**Task item:** Print out each entry below in full, exactly as given, excluding pictures.

**Data for this exercise:**
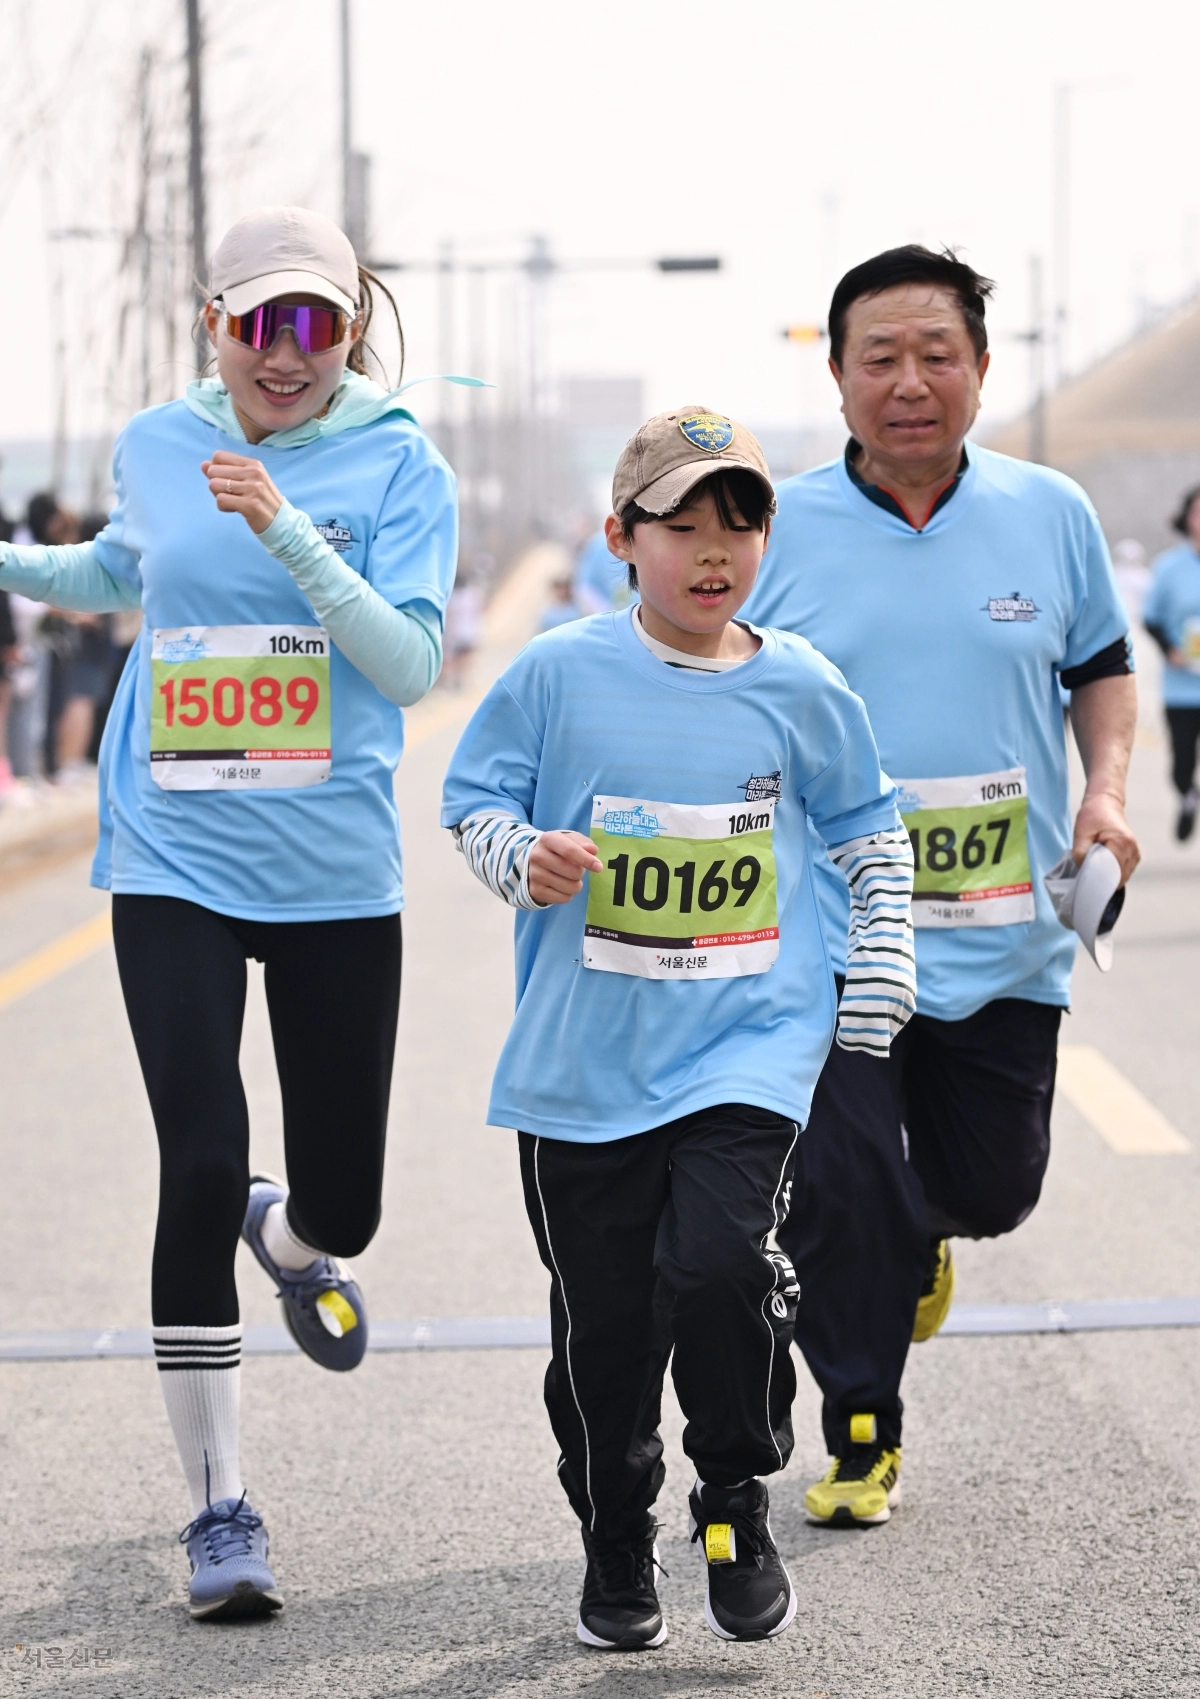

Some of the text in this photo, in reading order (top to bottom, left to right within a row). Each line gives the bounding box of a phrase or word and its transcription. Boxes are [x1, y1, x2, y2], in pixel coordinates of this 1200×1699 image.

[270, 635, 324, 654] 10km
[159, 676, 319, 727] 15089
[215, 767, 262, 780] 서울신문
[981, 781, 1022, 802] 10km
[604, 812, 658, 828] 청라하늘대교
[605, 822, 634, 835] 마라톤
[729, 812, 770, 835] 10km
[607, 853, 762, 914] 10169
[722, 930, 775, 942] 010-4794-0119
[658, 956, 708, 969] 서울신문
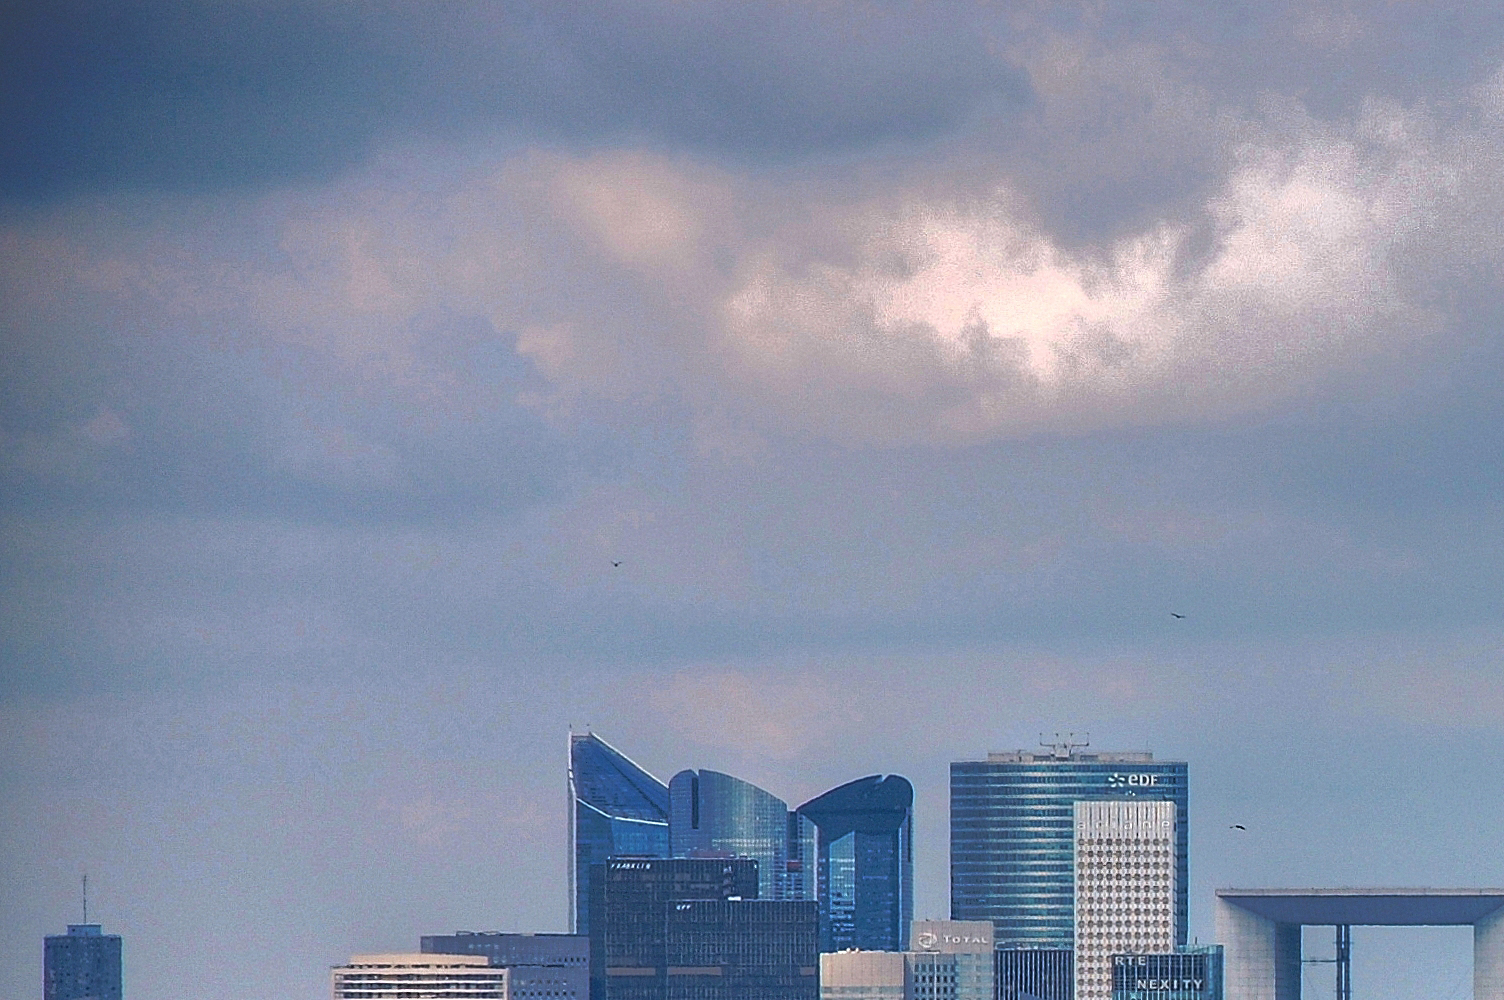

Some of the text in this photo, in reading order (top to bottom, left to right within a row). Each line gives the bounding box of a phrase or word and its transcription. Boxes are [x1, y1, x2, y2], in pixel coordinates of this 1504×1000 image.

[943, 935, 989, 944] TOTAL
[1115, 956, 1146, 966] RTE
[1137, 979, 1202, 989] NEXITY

**Answer space:**
Some of the text in this photo, in reading order (top to bottom, left to right within a row). Each line gives the bounding box of a phrase or word and its transcription. Boxes are [x1, y1, x2, y2], in pixel coordinates of this 1200×1699 image.

[270, 635, 324, 654] 10km
[159, 676, 319, 727] 15089
[215, 767, 262, 780] 서울신문
[981, 781, 1022, 802] 10km
[604, 812, 658, 828] 청라하늘대교
[605, 822, 634, 835] 마라톤
[729, 812, 770, 835] 10km
[607, 853, 762, 914] 10169
[722, 930, 775, 942] 010-4794-0119
[658, 956, 708, 969] 서울신문

Some of the text in this photo, in reading order (top to bottom, left to right within a row). Each line gives the bounding box of a phrase or word and its transcription. Boxes are [x1, y1, x2, y2], in pixel coordinates of this 1504×1000 image.

[943, 935, 989, 944] TOTAL
[1115, 956, 1146, 966] RTE
[1137, 979, 1202, 989] NEXITY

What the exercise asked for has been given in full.